Time outside also provides us with opportunities to engage in play in ways that are less structured and invite deeper connection and opportunities for creativity. The unstructured play outside allows kids to build confidence and stretch their creativity—there are endless ways they can interact with nature. This type of play has numerous benefits for children and usually takes some pressure off caregivers to figure out how to keep kids busy. Playing outside invites movement, which really can radically shift a grumpy mood and address that stir-crazy energy kids may experience after being cooped up indoors. This is also an opportunity for us adults to get a break from the sometimes overstimulating aspects of our homes: chores, loud sounds, and that same cooped up feeling kids experience.

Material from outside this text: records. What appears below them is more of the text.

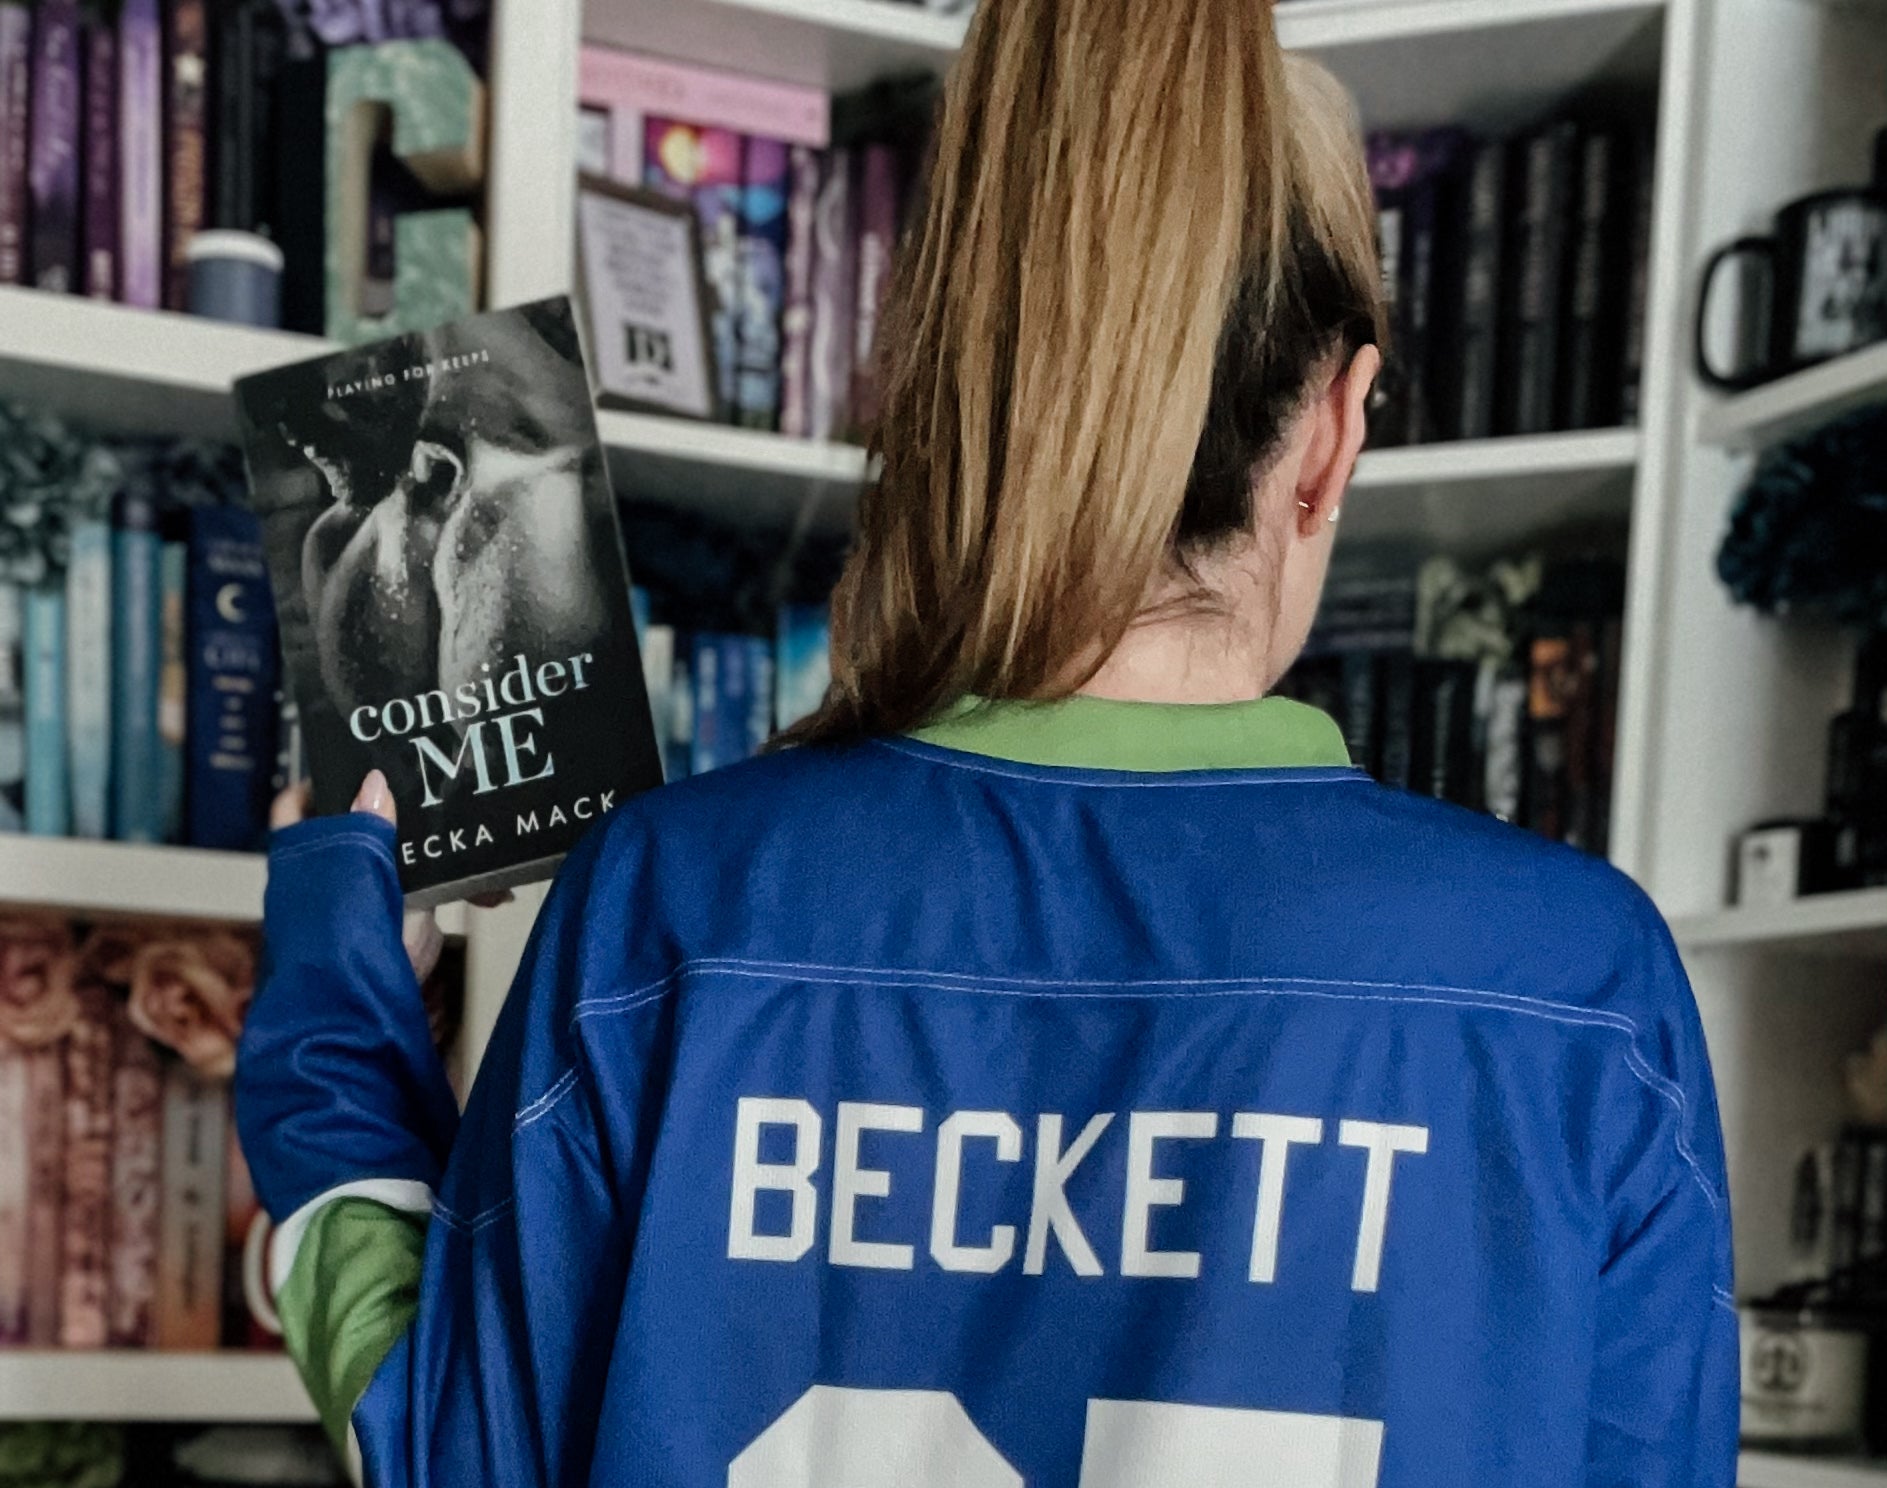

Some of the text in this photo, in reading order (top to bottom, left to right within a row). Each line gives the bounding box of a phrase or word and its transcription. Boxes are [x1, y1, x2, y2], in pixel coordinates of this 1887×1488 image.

[327, 349, 489, 400] PLAYING FOR KEEPS
[350, 653, 593, 742] consider
[409, 707, 555, 807] ME
[401, 790, 615, 865] ECKA MACK
[728, 1097, 1429, 1292] BECKETT

When given this break, parents may also find it easier to engage in the play.
Research shows that even 20–30 minutes outside can lower stress levels for both kids and adults. If time is limited, here are some quick, simple ways to step outdoors and reconnect:
- Outdoor Hide-and-Seek Object Game: Choose any small object and take turns hiding it in your yard or outdoor space. Add excitement by calling out “hot” or “cold” as someone gets closer or farther from the object.
- Nature Building: Gather rocks, sticks, leaves, or pinecones and build something together—a fairy house, a tiny home, a construction site, whatever inspires your child’s imagination.
- Kindness Rocks: Go on a rock hunt. Once you’ve collected a few, decorate them with acrylic markers and hide them around your neighborhood for others to discover.
- Polar Bear Dash: On especially chilly days, challenge everyone to a super-quick “polar bear run.” Slip on shoes and do a fast lap around your home. Make it a race if you want or just something silly to do together.
- Rainbow Walk: Take a short walk and find something from each color of the rainbow.
- Shoot Some Hoops: Grab a ball and head to the nearest basketball hoop—many school and church courts are open after hours. A few minutes of play is all it takes.
- Sit Back and Relax: If you’re tired, keep it simple. Sit in the grass or lean against a tree and bring a book or snack. Even stillness outdoors offers real benefits for mood and well-being.